The company is now divided over what to do about the Advanced Technologies Group, the New York Times reported, with one faction pushing for a partnership or sale of the unit, while another wants Uber to keep investing in it. Losses on self-driving technology have mounted, with Uber spending $125 million to $200 million a quarter on the unit, or 15% to 30% of its quarterly loss, per the Information. Uber is under pressure to cut losses ahead of a potential public offering in 2019.

Airbnbait and switch.

Imagine you look at a unit in a luxury apartment complex. The building is still under construction, but it’s marketed to young creative people, and a little bit of construction isn’t that bad, all things considered. You read the lease and see that Airbnb is prohibited. You breath a sigh of relief. No travelers traipsing through your building at all hours. You sign the lease.

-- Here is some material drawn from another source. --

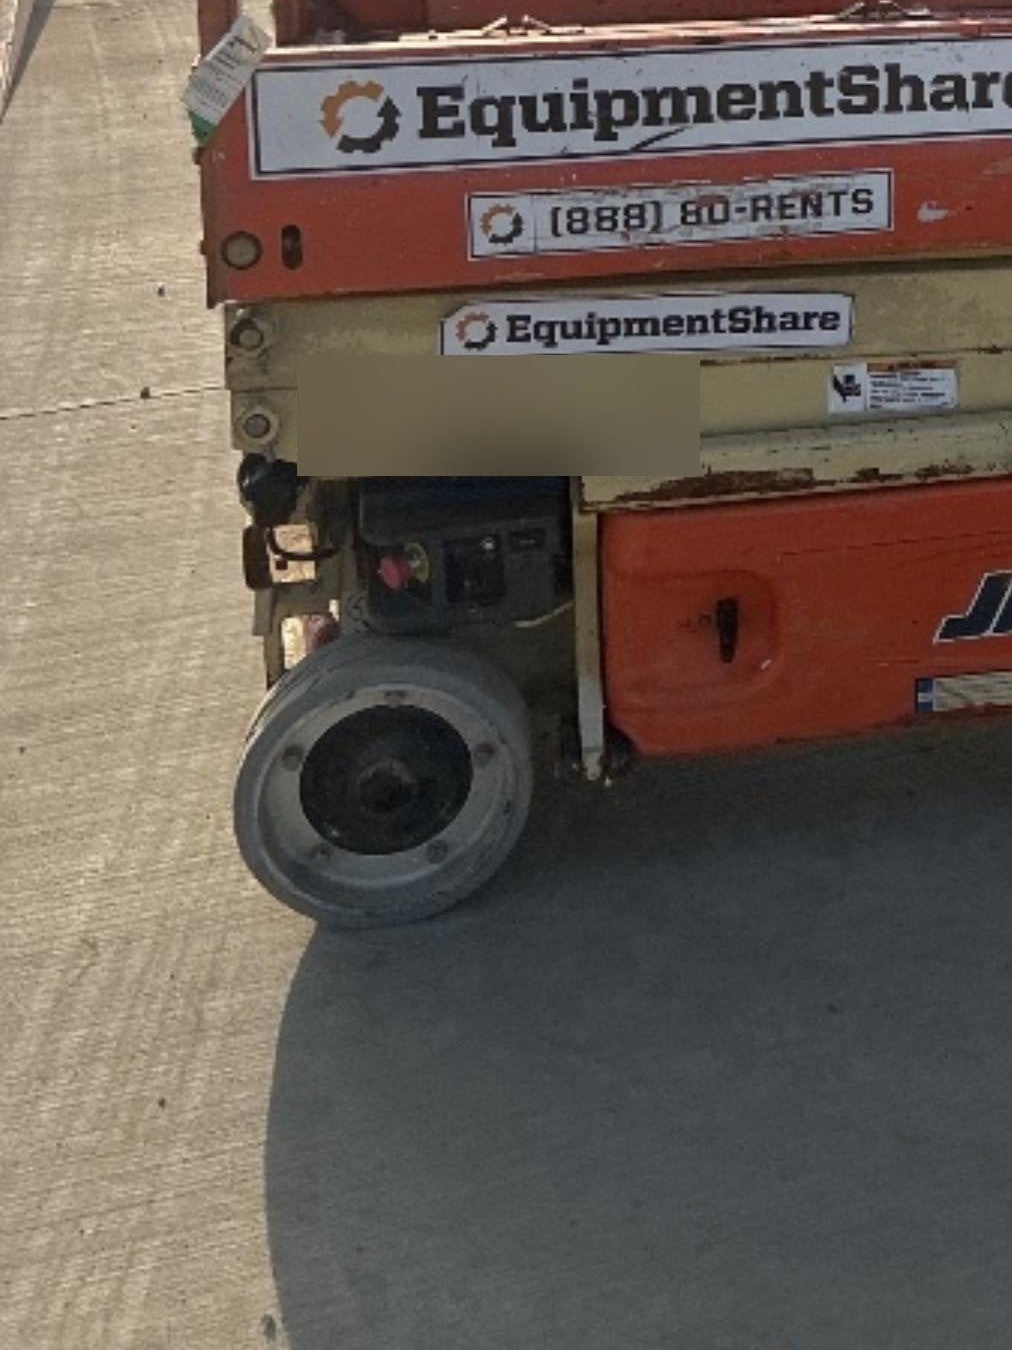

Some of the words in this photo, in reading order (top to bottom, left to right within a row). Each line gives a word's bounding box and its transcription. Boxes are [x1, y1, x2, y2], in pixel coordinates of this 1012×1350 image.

[551, 201, 663, 237] (888)
[680, 188, 874, 226] 80-RENTS
[505, 305, 841, 348] EquipmentShare

Now imagine that, a few months into your lease, a document is slipped under your door. It says the “rent process will change” and a new company has “taken over management responsibilities.” You start to feel concerned. The next day you get an email from the new owner. You read it once, twice. It says your building “will be the first Niido | Powered by Airbnb community in the world to officially open.” It says you’ll get a coffee bar.

You might feel a bit like Ruth Gonzalez, who was shocked to learn earlier this month that her home in the Olmsted in Nashville would be converted into America’s foremost Airbnb theme park:

“There’s no direction that a CMO or marketing executive could spin this for me that this hybrid apartment-hotel that hasn’t been tested is safe,” Gonzalez said. “My safety concerns cannot be assuaged by a marketer. This is an untested hybrid model and I don’t want to be the guinea pig for that. I don’t want to pay my rent while they figure out how to make this model work.”

When Airbnb announced its partnership with Newgard Development Group to create Airbnb-friendly properties in October 2017, it said they would collaborate on “new apartment buildings that will be optimized for home sharing and flexible living.” What wasn’t clear was that Airbnb and Newgard could get these complexes not by building new units but by staging takeovers of existing communities that might not want to live in Airbnb-optimized housing. Or that they would try to wash down the bad news with free coffee bars.

To quote Michelle Bellamoré, “The whole reason I chose the Olmsted was because they had the complete opposite business model as Niido.”

Other stuff.

Ford in no rush to deploy driverless cars. DoorDash raises $250 million at $4 billion valuation. Cargomatic gets $35 million for Uber-for-freight business. Uber pushes further into East Africa. London mayor wants to cap Uber. Tesla hires Uber employees accused of spying. San Francisco dings Uber and Lyft during scooter permitting. Nuro launches grocery delivery with driverless cars in Arizona. Ola funds scooter startup in Bengaluru. WeWork leases 260,000 square feet at Penn Plaza. To have and to super-have. Soda is over. There are more active Pokemon Go players than Uber users. What If a Female CEO Acted Like Elon Musk?